> _Task description_:
Leave out the pictures and transcribe every entry below exactly.

[Opening Given records section]

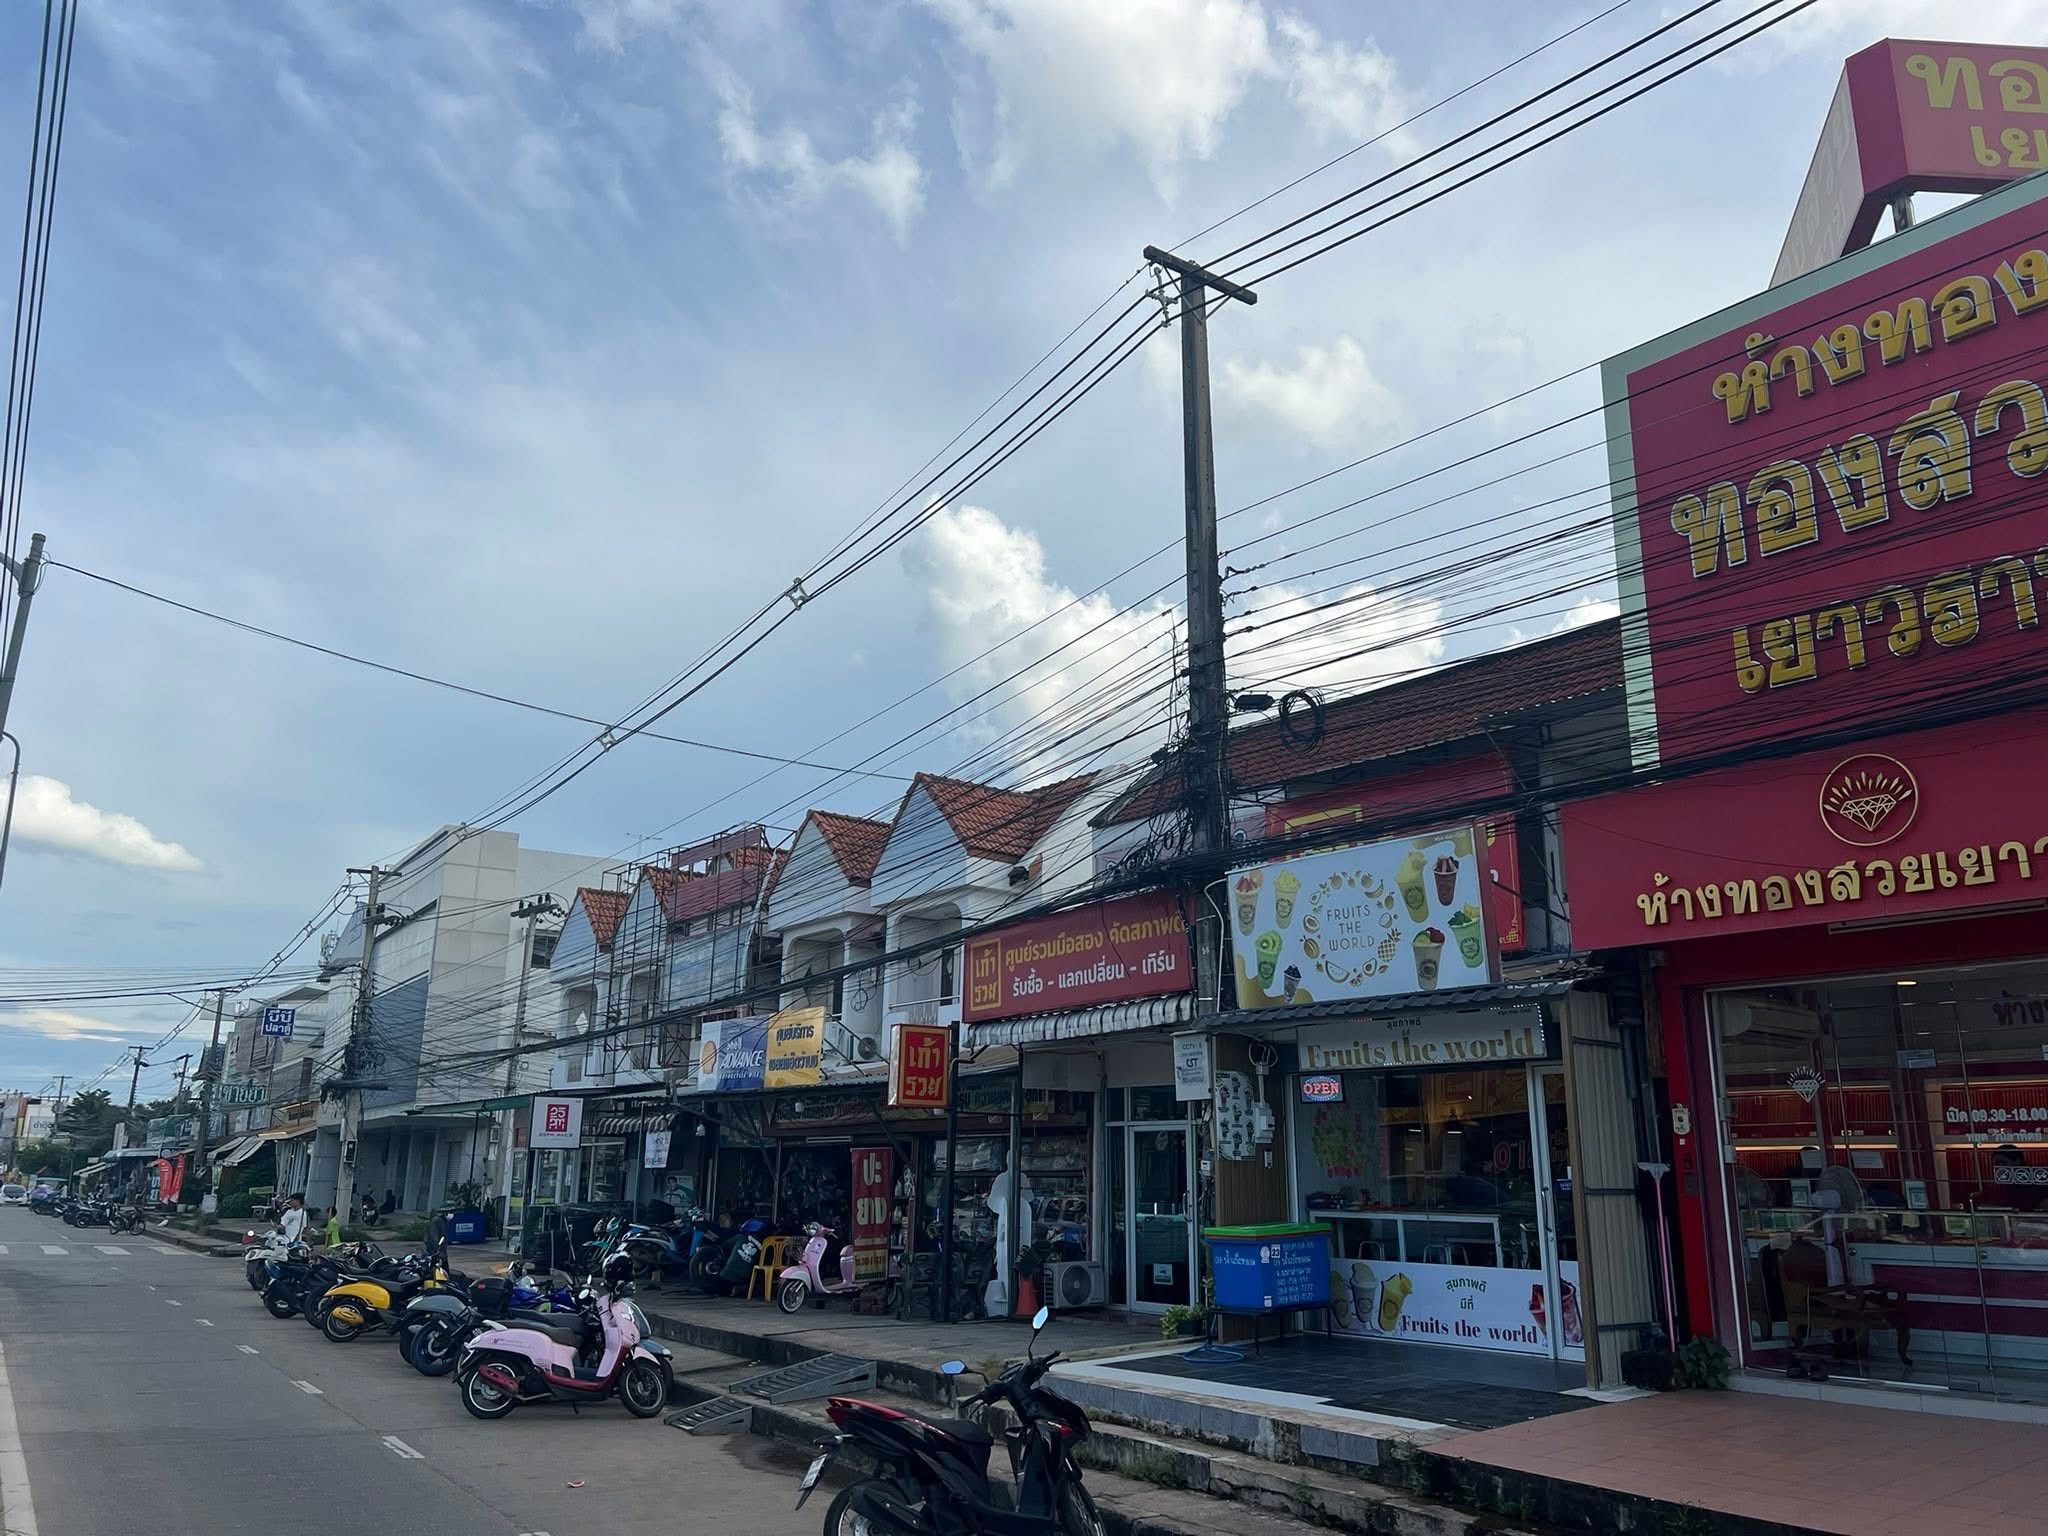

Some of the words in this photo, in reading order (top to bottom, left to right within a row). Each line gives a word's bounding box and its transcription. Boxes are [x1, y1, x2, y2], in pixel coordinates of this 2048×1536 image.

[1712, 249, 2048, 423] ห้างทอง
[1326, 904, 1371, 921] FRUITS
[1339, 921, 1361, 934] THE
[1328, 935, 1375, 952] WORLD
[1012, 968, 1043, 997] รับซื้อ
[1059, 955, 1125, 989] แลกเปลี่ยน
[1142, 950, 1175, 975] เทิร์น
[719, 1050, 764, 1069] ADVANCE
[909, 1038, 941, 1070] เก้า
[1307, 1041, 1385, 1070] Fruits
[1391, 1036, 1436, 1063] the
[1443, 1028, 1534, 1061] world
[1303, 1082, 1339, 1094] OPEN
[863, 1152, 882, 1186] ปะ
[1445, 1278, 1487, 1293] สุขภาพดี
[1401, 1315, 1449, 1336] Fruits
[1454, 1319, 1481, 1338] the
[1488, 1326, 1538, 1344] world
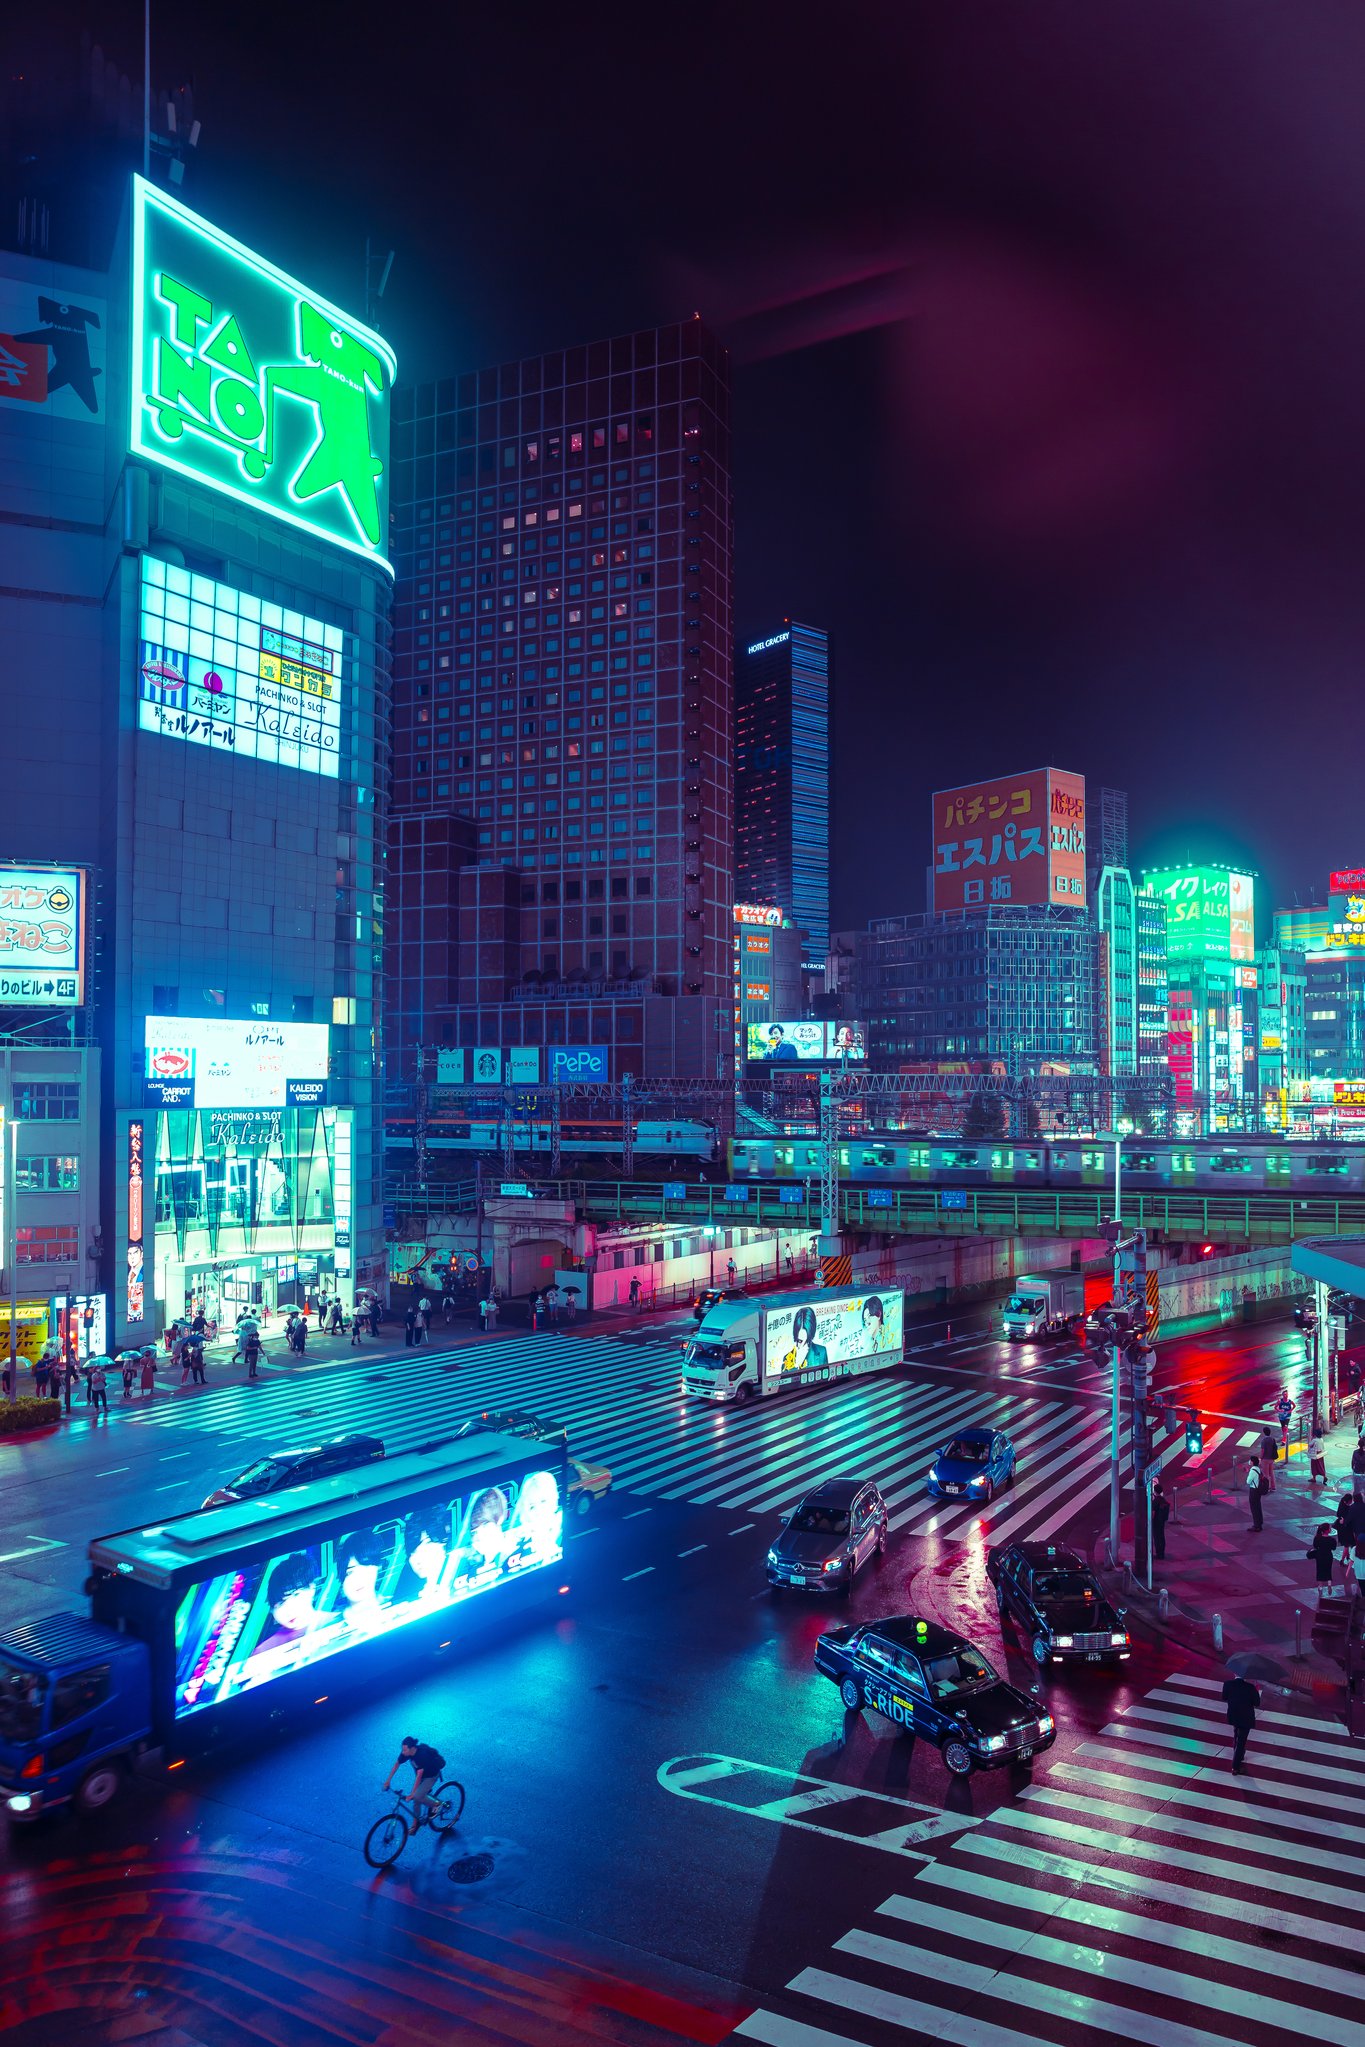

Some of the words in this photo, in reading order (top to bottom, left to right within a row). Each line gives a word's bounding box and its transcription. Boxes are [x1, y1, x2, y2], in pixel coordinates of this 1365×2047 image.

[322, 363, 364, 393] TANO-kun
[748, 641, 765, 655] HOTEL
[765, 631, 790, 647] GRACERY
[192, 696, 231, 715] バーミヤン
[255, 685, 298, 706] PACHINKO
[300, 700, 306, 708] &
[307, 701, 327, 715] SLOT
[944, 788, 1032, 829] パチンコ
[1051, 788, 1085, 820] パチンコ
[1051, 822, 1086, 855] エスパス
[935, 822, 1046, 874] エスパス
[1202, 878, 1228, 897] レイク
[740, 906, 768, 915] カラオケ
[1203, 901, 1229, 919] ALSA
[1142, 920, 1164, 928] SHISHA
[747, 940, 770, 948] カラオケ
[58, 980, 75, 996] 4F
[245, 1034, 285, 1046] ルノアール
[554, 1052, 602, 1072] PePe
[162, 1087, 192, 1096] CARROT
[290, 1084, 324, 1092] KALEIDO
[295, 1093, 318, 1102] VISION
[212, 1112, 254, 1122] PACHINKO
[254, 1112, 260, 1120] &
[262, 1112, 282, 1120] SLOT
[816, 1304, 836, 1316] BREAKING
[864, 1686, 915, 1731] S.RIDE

[Closing Given records section]

> _Solved exercise_:
Some of the words in this photo, in reading order (top to bottom, left to right within a row). Each line gives a word's bounding box and its transcription. Boxes are [x1, y1, x2, y2], in pixel coordinates of this 2048×1536 image.

[1712, 249, 2048, 423] ห้างทอง
[1326, 904, 1371, 921] FRUITS
[1339, 921, 1361, 934] THE
[1328, 935, 1375, 952] WORLD
[1012, 968, 1043, 997] รับซื้อ
[1059, 955, 1125, 989] แลกเปลี่ยน
[1142, 950, 1175, 975] เทิร์น
[719, 1050, 764, 1069] ADVANCE
[909, 1038, 941, 1070] เก้า
[1307, 1041, 1385, 1070] Fruits
[1391, 1036, 1436, 1063] the
[1443, 1028, 1534, 1061] world
[1303, 1082, 1339, 1094] OPEN
[863, 1152, 882, 1186] ปะ
[1445, 1278, 1487, 1293] สุขภาพดี
[1401, 1315, 1449, 1336] Fruits
[1454, 1319, 1481, 1338] the
[1488, 1326, 1538, 1344] world

Some of the words in this photo, in reading order (top to bottom, left to right within a row). Each line gives a word's bounding box and its transcription. Boxes are [x1, y1, x2, y2], in pixel coordinates of this 1365×2047 image.

[322, 363, 364, 393] TANO-kun
[748, 641, 765, 655] HOTEL
[765, 631, 790, 647] GRACERY
[192, 696, 231, 715] バーミヤン
[255, 685, 298, 706] PACHINKO
[300, 700, 306, 708] &
[307, 701, 327, 715] SLOT
[944, 788, 1032, 829] パチンコ
[1051, 788, 1085, 820] パチンコ
[1051, 822, 1086, 855] エスパス
[935, 822, 1046, 874] エスパス
[1202, 878, 1228, 897] レイク
[740, 906, 768, 915] カラオケ
[1203, 901, 1229, 919] ALSA
[1142, 920, 1164, 928] SHISHA
[747, 940, 770, 948] カラオケ
[58, 980, 75, 996] 4F
[245, 1034, 285, 1046] ルノアール
[554, 1052, 602, 1072] PePe
[162, 1087, 192, 1096] CARROT
[290, 1084, 324, 1092] KALEIDO
[295, 1093, 318, 1102] VISION
[212, 1112, 254, 1122] PACHINKO
[254, 1112, 260, 1120] &
[262, 1112, 282, 1120] SLOT
[816, 1304, 836, 1316] BREAKING
[864, 1686, 915, 1731] S.RIDE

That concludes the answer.